Martin Luther King Jr. Celebration in Des Moines.

Observances are being held around the state to mark the Martin Luther King, Jr. holiday. More than a thousand gathered for a prayer breakfast early this morning in Des Moines.

“Even with a national holiday, monuments, streets named in his honor, most of us generally don’t think of Dr. King until this time of the year,” said Adam Wright, president and CEO of MidAmerican Energy.

Wright challenged the crowd to re-engage with a sense of purpose.

“We live in the land of the free and the home of the brave, but true freedom and bravery is not living as we please, but as we should and that is what today is about: living as we should, in unity, serving and loving one another,” he said.

University of Missouri athletic director Brian Brown, former director of the Drake Relays, was the keynote speaker.

Brian Brown

“Sometimes we take our identity from the way people see us and the life they speak into us,” Brown said. “…The Bible says that life and death is in the power of the tongue.
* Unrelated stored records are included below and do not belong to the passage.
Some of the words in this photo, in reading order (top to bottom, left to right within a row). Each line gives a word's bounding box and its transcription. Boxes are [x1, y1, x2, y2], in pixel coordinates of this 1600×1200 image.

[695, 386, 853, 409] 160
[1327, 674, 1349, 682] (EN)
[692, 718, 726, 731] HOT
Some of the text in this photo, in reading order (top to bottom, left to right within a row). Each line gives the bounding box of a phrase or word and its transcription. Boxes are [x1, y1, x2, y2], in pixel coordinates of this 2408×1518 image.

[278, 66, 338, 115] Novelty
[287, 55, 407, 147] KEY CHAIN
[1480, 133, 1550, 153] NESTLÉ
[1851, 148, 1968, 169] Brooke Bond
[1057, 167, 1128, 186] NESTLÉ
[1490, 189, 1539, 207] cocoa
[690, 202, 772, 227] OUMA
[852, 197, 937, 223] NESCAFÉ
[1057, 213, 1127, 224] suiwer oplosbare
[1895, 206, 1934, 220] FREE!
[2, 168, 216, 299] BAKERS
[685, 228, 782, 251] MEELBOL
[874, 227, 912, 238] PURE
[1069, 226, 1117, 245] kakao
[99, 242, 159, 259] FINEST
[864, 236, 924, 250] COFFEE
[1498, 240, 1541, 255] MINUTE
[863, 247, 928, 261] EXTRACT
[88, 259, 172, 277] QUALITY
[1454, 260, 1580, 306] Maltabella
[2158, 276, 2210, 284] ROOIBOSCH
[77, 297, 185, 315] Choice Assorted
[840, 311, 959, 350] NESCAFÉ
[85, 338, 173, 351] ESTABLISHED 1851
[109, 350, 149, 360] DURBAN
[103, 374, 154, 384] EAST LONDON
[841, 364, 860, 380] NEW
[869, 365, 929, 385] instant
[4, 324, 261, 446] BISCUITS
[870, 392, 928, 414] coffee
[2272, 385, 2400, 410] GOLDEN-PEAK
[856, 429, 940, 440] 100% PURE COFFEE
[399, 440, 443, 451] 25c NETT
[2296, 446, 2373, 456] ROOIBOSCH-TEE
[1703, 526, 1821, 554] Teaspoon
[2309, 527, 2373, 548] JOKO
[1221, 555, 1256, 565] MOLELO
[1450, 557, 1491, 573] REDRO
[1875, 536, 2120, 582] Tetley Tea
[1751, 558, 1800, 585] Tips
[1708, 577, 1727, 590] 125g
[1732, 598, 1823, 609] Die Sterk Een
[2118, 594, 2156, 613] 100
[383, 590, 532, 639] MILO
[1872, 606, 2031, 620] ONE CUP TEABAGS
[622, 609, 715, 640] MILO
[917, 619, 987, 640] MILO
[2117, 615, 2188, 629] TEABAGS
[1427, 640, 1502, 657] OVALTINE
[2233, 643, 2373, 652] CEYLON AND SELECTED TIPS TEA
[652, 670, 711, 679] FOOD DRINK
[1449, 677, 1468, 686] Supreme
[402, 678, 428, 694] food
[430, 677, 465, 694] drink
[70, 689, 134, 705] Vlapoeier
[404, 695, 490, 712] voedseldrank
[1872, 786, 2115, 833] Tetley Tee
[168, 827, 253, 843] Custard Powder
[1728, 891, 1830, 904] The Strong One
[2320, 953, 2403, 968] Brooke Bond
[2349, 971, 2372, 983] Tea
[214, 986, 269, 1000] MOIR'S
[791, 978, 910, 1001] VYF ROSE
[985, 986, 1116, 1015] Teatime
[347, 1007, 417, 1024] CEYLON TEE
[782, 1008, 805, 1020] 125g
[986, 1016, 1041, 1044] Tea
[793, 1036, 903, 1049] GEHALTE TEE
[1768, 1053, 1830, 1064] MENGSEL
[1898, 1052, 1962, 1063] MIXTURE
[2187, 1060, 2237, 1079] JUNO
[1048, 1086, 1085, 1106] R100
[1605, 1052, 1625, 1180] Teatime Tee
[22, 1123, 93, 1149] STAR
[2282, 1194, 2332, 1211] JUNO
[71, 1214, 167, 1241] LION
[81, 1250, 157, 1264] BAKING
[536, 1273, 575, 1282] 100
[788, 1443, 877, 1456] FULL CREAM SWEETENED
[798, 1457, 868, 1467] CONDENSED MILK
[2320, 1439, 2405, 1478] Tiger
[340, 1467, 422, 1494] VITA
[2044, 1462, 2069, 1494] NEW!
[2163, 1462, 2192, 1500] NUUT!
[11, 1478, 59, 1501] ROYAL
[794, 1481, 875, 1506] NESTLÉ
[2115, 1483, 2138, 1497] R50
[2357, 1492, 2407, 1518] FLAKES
You’re either building up or you’re tearing down.”

Mike Housholder, senior pastor of the Lutheran Church of Hope in West Des Moines, led the opening prayer.

“Turn down the volume on voices around us that seek to deepen divisions in our own community, sometimes for their own personal gain or power,” Housholder prayed. “Amplify the voices of those faithful and humble souls who bring greater harmony and good to our neighborhoods, schools, workplaces and houses of worship through their love for all.”

The event was held on the Drake University campus and Sue Mattison, the university’s provost, mentioned the recent “robocalls” into the campus from a white supremacist group.

“Drake is certainly not immune to the emboldened haters and the pain that’s in our world, but what I know for a fact, and what the Rev. Dr. King told us, is that time is on the side of change,” Mattison said.

The event was a fundraiser for a YMCA located near the campus. Leisha Barcus is the CEO of the YMCA of Greater Des Moines which operates eight “Y” facilities in the metro as well as the “Y” camp near Boone.

“Last week, the United States House Reublicans formally stripped our Iowa Representative Steve King of all committee assignments after he drew criticism for yet another controversial and racially-charged comment,” she said, to applause from the crowd. “…If Dr. King could look around the country and our beloved state of Iowa today, he would say that our bank of justice has insufficient funds.”

Governor Kim Reynolds, a Republican, and Congresswoman Cindy Axne of West Des Moines, a Democrat, attended the breakfast, but did not speak to the crowd.